Дима любил вспоминать солнечные утра на мининской даче.

Вот оно счастье: соседка, пышная украинка тетя Света, идет на пруд с двумя своими детьми — Петей и Лерой. Петя и Лера — малыши пяти и трех лет, но Дима любит бывать у них на участке и играть с ними. Их бабушка, старая сгорбленная Мара Лазаревна, рассказывает Диме и Кирюхе о своей жизни, учит играм и карточным фокусам.

Сын Мары Лазаревны — Олег, с лысеющей головой и курчавыми волосами на груди, торчащими из вечно расстегнутой клетчатой рубашки. Кажется, даже на работу он ходит в обычных тапках и трениках, или это нашему герою так мерещится из-за того, что Олег постоянно сидит в этом своем наряде за столом и играет в карты с хозяином их съемной дачи — армянином дядей Костей Саргсяном, очень русским по сути человеком. У дяди Кости на участке всегда слышны народные песни, а еще блатные, и вещают на всю округу из магнитофона известные юмористы.

Диму удивляет, что Петя и Лера говорят с небольшим акцентом. Да, он знает, что вся их семья приехала в Москву совсем недавно. Петя говорит «стОляр», и это Диму веселит.

Солнца на пляже уже стало меньше, но день все равно такой затянуто жаркий, что идти купаться просто необходимо. И таким взрослым чувствует себя Дима, которому около десяти лет или чуть больше, ведь родители отпустили его купаться на пруд почти одного, ну разве что немного с тетей Светой. Ведь Кирюху, который всего на полтора года младше, ни за что бы не отпустили!

Диме кажется, что тетя Света общается с ним совсем как со взрослым. Вот их маленький отряд приходит на берег пруда к лягушатнику и занимает на удивление оставшиеся пустыми самые лучшие места.

Тетя Света говорит своим детям, чтобы играли поблизости.

Сама большая тетя Света лежит на покрывале, и на ней зеленый купальник, а маленькие Лера и Петя в одних трусиках играют в песочек, разбросав чуть ли не по всему пляжу свои формочки и ведерки.

Дима сквозь кишащий людьми пляж проходит к воде и у самого берега встречает своего старинного товарища Борю. Боря — худой курчавый паренек. Они увлеченно беседуют, так что Дима на время даже теряет из вида окружающий мир, а ведь это его любимое занятие — наблюдать за людьми!

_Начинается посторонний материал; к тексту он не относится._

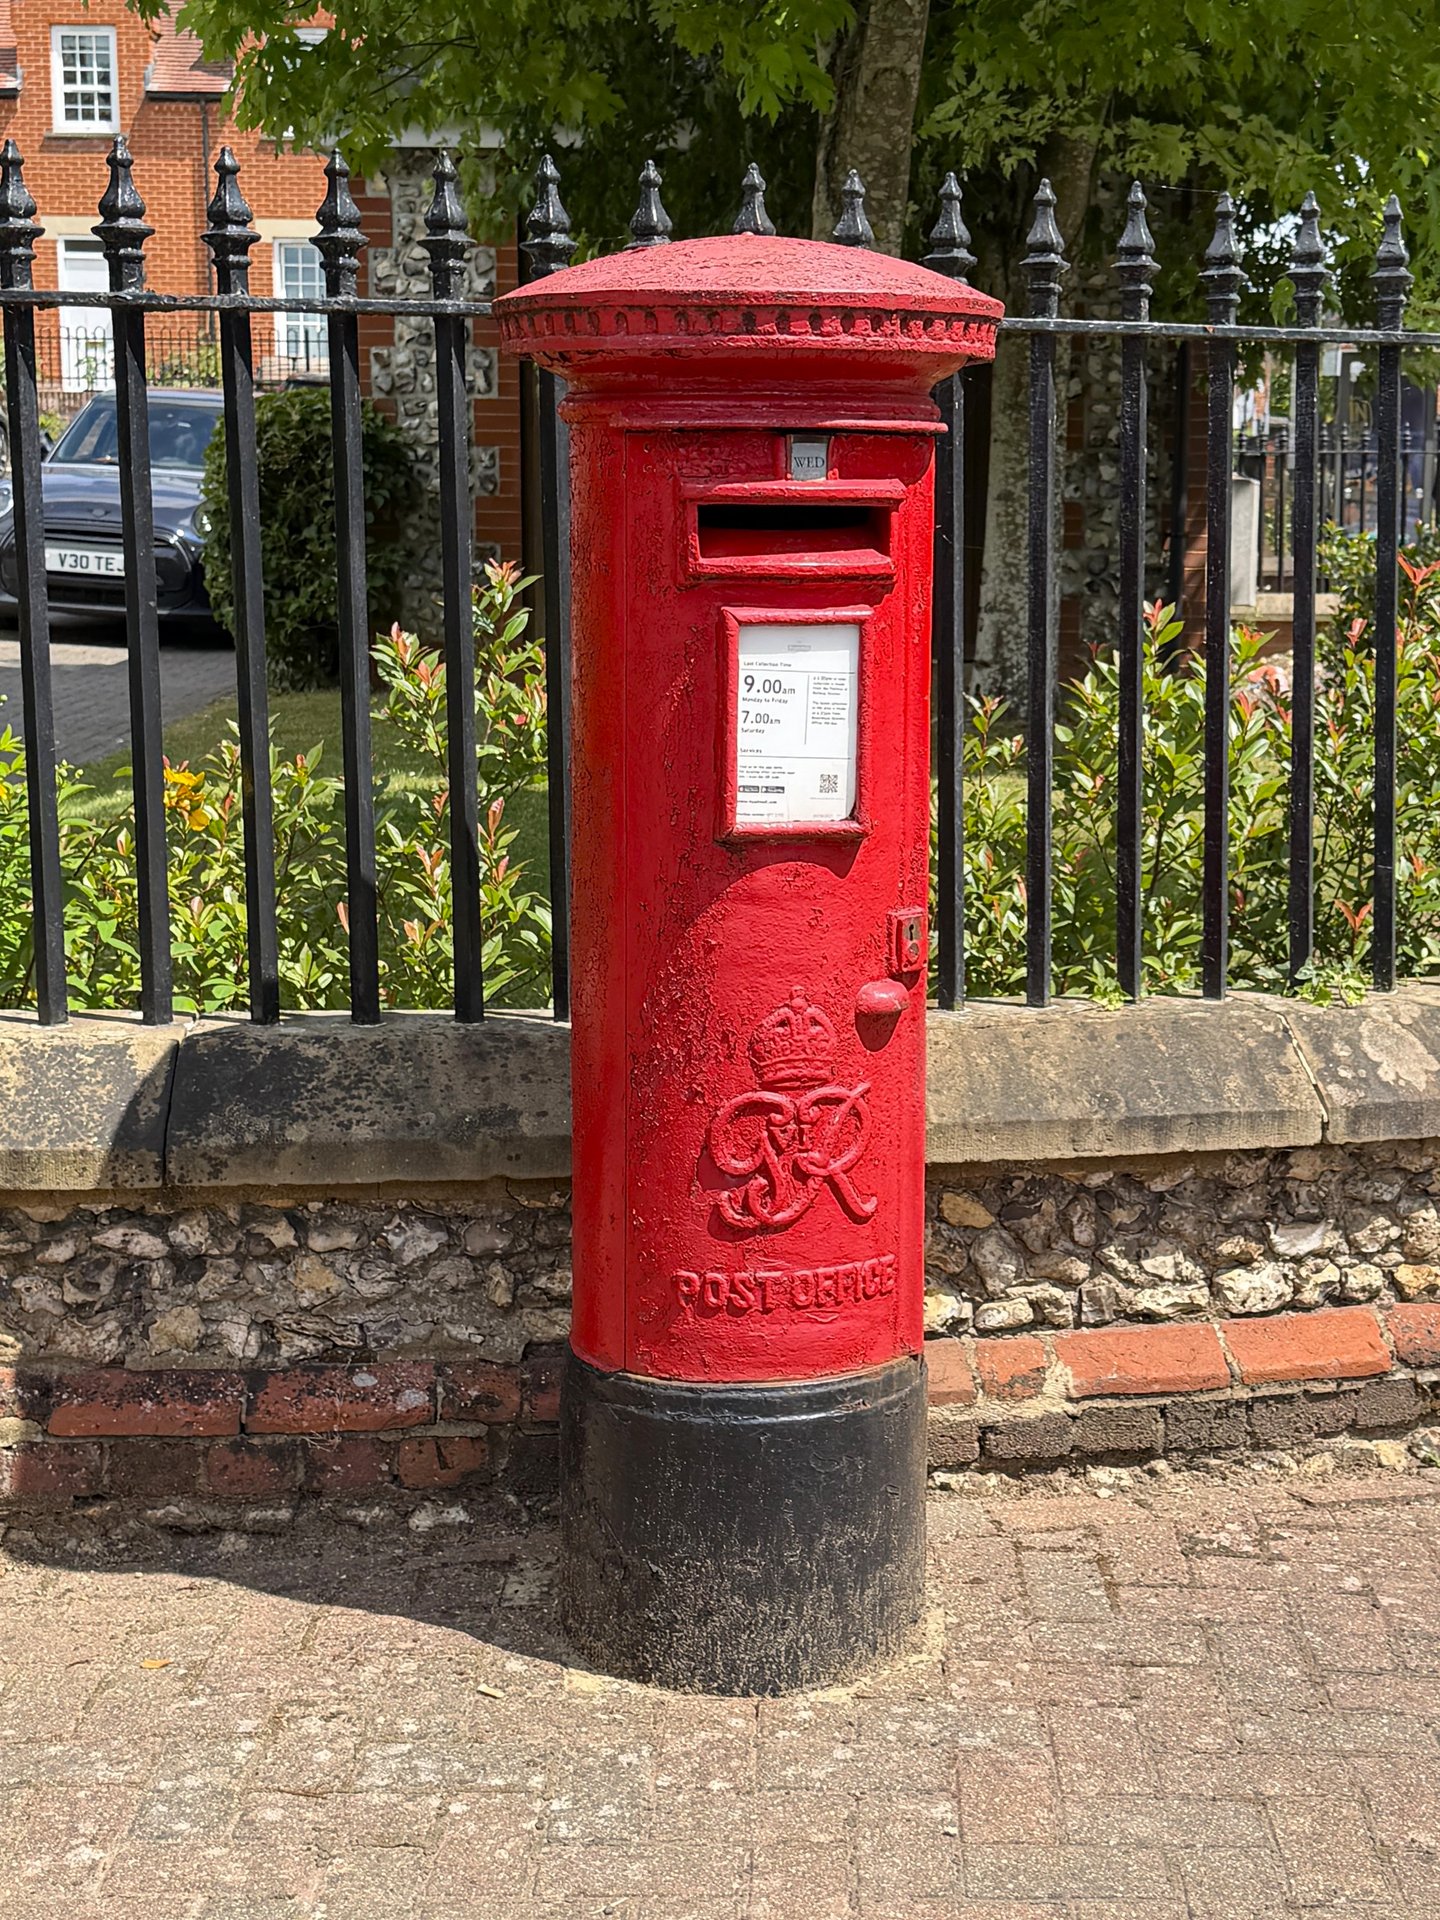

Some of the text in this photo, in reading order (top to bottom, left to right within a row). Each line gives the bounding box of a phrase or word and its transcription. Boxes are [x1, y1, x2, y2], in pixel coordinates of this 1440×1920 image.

[794, 456, 825, 468] WED
[58, 552, 124, 572] V30 TE
[744, 674, 796, 695] 9.00am
[741, 710, 781, 725] 7.00am
[674, 1253, 896, 1314] POST OFFICE

Потом он плавает и опять смотрит на купающихся и на такой яркий и удивительный солнечный закат. Какая-то грусть охватывает его при этом, хоть радует то, что день еще не закончен, и дома их с Кирюхой еще ждут интересные игры…

Старый армянин дядя Костя Саргсян, наслушавшись своих любимых песен и распив с Олегом и соседом дядей Марком водки, как-то вышел в трениках и белой майке на дорогу и долго занимался тем, что обкладывал цементом близлежащий люк. А когда дело было закончено, довольный, постоял возле творения рук своих, и даже крякнул от удовольствия, а потом ушел обратно в калитку продолжить карточную игру.

Дима с Кирюхой и приятелями, недолго думая, подскочили к не успевшему засохнуть цементу и, не сговариваясь, понаписали на нем свои имена. Потом немного постояли, как дядя Костя, возле люка и разбежались играть. А через полчаса всю улицу огласил чудовищный вопль — Саргсян ругался и искал виновников.

Когда он нашел ребят и они, опустив голову, стояли возле люка, старый армянин, не переставая, укорял их: «Я так старался, а вы! Куда только смотрят ваши родители! Кого они вырастили!» Ребятам было стыдно… Потом они дружно помогли дяде Косте замазать свои «художества» новыми порциями цемента. И дело это показалось им не менее занятным, чем предыдущее.

Эти манящие деревья

С возрастом ребята стали лазать по деревьям.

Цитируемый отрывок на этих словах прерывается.